CJCE, président, 26 septembre 1986, n° 231-86 R
COUR DE JUSTICE DES COMMUNAUTÉS EUROPÉENNES
Ordonnance
PARTIES
Demandeur :
Association momentanée "Breda-Geomineraria" ; Spa Istituto Ricerche Breda ; Geomineraria Italiana SRL
Défendeur :
Commission des Communautés européennes
COMPOSITION DE LA JURIDICTION
Avocat :
Me Spandre.
LA COUR,
1. Par requête déposée au greffe de la Cour le 26 août 1986, l'Association momentanée "Breda-Geomineraria", composée de la SpA Istituto Ricerche Breda et de la SRL Geomineraria Italiana, a introduit, en vertu de l'article 173 du traité CEE, à titre principal, un recours en annulation de la décision de la Commission par laquelle celle-ci aurait refusé de reconnaître que les requérantes sont attributaires du marché faisant l'objet du projet n° 5.100-11-37-045 "recherches géologiques et minières - Mali-Ouest I - sous-projet cartographie géologique et minière", et, en vertu des articles 178 et 215 du traité CEE, à titre subsidiaire, un recours en responsabilité de la Commission pour comportement illégal et fautif de cette dernière qui refuserait de libérer les crédits programmés pour le projet en cause alors que les requérantes devraient être considérées comme attributaires de l'appel d'offres.

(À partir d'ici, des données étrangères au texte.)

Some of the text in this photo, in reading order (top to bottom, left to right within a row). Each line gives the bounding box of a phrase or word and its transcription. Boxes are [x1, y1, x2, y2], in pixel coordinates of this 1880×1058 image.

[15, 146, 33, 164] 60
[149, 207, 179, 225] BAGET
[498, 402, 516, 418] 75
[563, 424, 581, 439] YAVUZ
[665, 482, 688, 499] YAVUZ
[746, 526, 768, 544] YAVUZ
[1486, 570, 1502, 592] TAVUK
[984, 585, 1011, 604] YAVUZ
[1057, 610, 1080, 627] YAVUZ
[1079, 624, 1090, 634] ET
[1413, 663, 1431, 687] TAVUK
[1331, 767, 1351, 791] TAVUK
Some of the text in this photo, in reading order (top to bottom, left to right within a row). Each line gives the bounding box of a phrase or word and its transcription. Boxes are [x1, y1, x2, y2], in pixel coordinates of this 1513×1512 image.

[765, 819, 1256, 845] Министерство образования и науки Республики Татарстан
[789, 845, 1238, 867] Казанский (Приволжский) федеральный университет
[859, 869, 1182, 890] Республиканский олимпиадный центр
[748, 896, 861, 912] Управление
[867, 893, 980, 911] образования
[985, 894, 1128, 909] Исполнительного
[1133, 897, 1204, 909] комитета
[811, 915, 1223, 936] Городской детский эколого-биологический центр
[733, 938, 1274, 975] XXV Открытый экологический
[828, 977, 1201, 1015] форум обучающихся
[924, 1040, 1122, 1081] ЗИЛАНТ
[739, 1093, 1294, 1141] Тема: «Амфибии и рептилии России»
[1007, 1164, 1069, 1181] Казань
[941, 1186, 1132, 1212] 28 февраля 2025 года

2. Par acte séparé, inscrit le même jour au greffe de la Cour, les requérantes ont introduit, en application des articles 185 et 186 du traité CEE, une demande visant à l'octroi de mesures provisoires consistant à :
"- ordonner à la Commission de s'abstenir de tout acte qui pourrait compromettre la situation de droit et de fait des requérantes et qui a fait l'objet du recours au fond auprès de la Cour de justice ;
- ordonner à la Commission de s'abstenir de poursuivre ses pressions illégitimes à l'égard du Mali pour empêcher ce dernier de signer avec les requérantes le contrat d'adjudication du marché faisant l'objet du projet n° 5.100-11-37-045 ;
- ordonner à la Commission de mettre les crédits prévus pour le projet en cause à la disposition du Mali ;
- ordonner à la Commission d'autoriser le Mali à contracter avec les requérantes, conformément aux articles 122, paragraphe 5, et 123, paragraphe 2, sous c), de la convention de Lomé II et de l'article du règlement de l'appel d'offres restreint relatif au marché en cause".

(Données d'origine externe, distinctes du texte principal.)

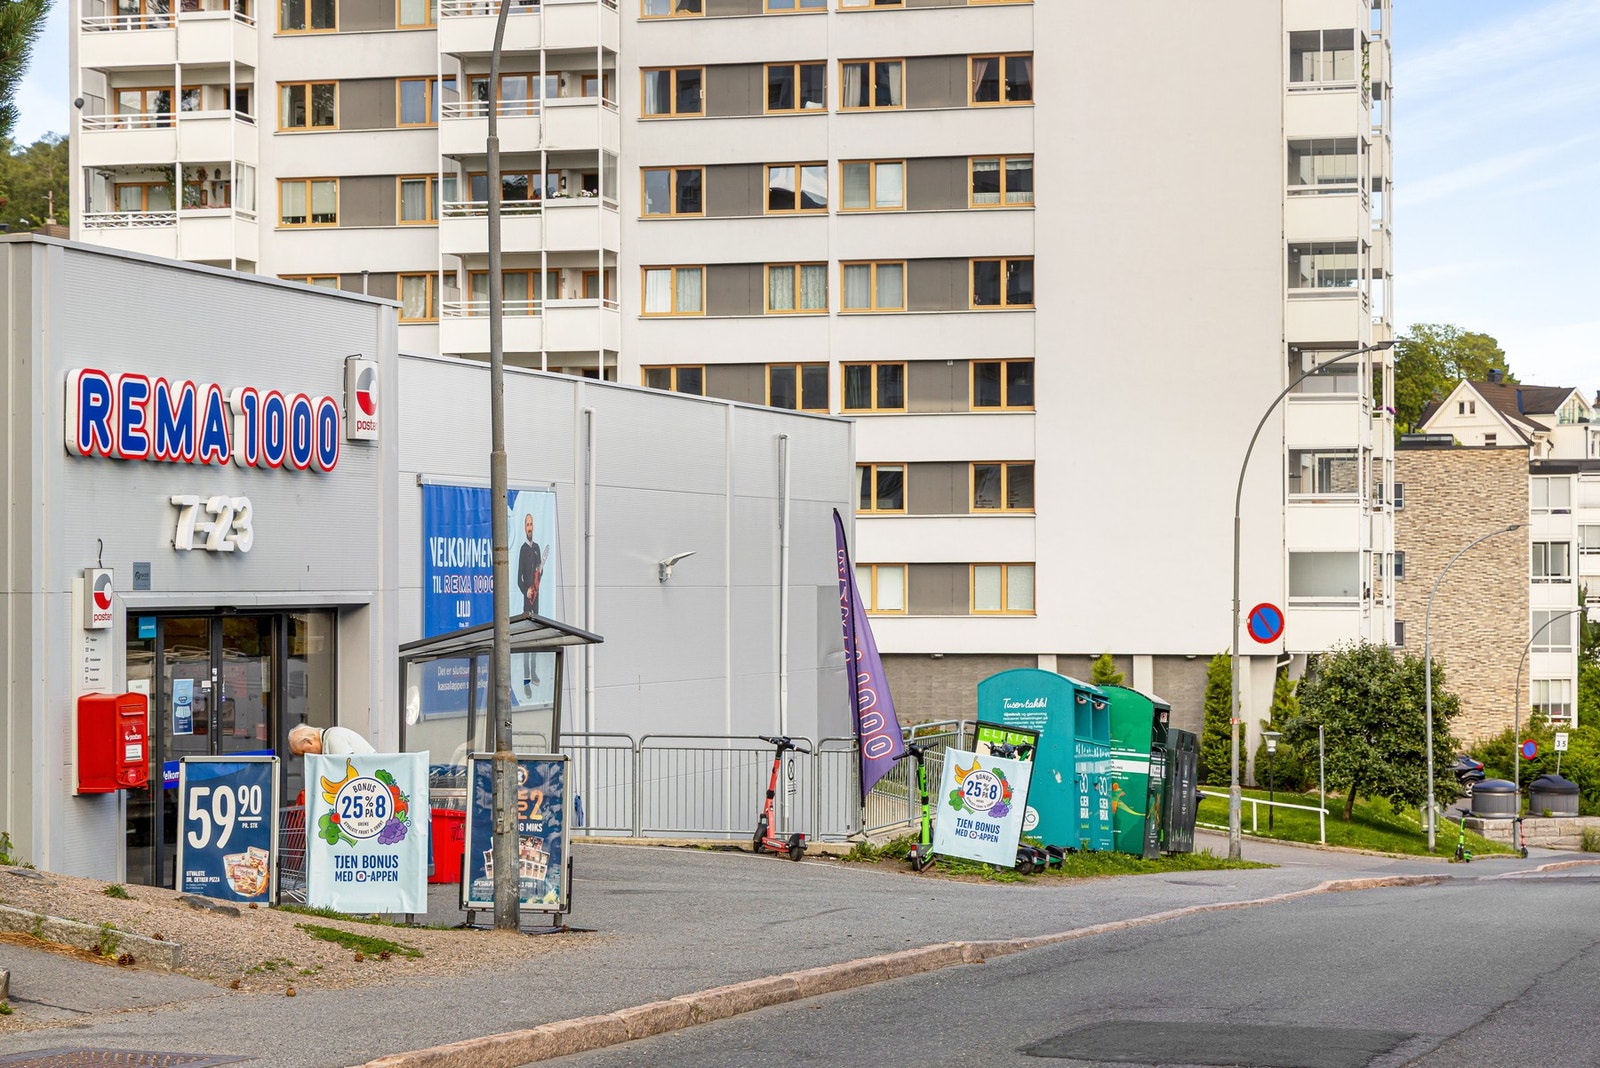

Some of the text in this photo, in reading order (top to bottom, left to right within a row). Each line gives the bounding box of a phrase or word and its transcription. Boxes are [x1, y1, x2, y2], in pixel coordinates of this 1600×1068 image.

[77, 368, 340, 472] REMA 1000
[171, 495, 254, 553] 7-23
[430, 537, 493, 568] VELKOMMEN
[433, 576, 442, 593] TIL
[444, 575, 472, 594] REMA
[984, 728, 1028, 742] ELIXIA
[353, 783, 376, 793] BONUS
[966, 781, 982, 797] 25
[989, 785, 997, 799] 8
[342, 796, 363, 818] 25
[375, 795, 386, 818] 8
[530, 790, 543, 820] 2
[188, 785, 262, 849] 59 90
[956, 818, 1000, 834] TJEN BONUS
[518, 823, 542, 832] G MIKS
[955, 828, 968, 837] MED
[334, 855, 398, 869] TJEN BONUS
[335, 871, 353, 882] MED

3. Les requérantes invoquent à l'appui de leur recours au principal le fait qu'elles ont été invitées à participer, le 19 juillet 1985, à un appel d'offres restreint lancé par la direction nationale de la géologie et des mines du Mali concernant un projet intitulé "recherches géologiques et minières - Mali-Ouest I - sous-projet cartographie géologique et minière" dont le financement était assuré par la Communauté économique européenne sur les ressources du cinquième fonds européen de développement et s'élevant à environ 3 500 000 écus. Les requérantes auraient présenté une offre rigoureusement conforme à l'appel d'offres et un complément contenant une proposition de certaines analyses supplémentaires, qui apparaîtraient opportunes, à celles indiquées dans l'appel d'offres. Entre autres soumissions se trouvait celle de la société allemande Klockner. Les différentes offres étaient examinées par une Commission de dépouillement, instituée par le gouvernement malien, qui a fait un rapport sous forme de compte rendu de réunion ayant eu lieu le vendredi 13 décembre 1985, à laquelle un représentant de la délégation de la Commission était présent en tant qu'observateur. Le rapport, daté du 12 novembre 1985, constate une nette supériorité du groupement Breda-Geomineraria en matière de compétence pour l'exécution du projet. Ce rapport a été communiqué au délégué de la Commission, le 2 janvier 1986, par le directeur du cabinet du ministère d'Etat chargé du développement industriel et du tourisme. Cette lettre a été suivie par une deuxième lettre, du 29 janvier 1986, par laquelle le directeur du cabinet informe le délégué de la Commission d'une deuxième réunion des sociétés Breda et Klockner, qui fait état d'une différence entre les méthodes techniques envisagées pour les recherches en question. La Commission technique d'évaluation aurait estimé l'offre de Breda nettement avantageuse tant sur le plan technique que financier.
4. Il en a suivi une série de communications entre la Commission et le Gouvernement du Mali, d'où il ressort une différence d'opinion sur les mérites des deux offres en question. La Commission a considéré que l'offre de Klockner était la moins-disante et techniquement tout aussi valable que l'offre de Breda, tandis que le Gouvernement du Mali a considéré que la méthode proposée par Klockner n'était pas conforme aux termes de référence et ne couvrait que l'analyse de 10 100 échantillons au lieu de 40 500 préconisés par le dossier d'appel d'offres. Jusqu'à ce jour, il ne semble pas que le Gouvernement du Mali et la Commission se soient mis d'accord sur l'attribution du marché en question.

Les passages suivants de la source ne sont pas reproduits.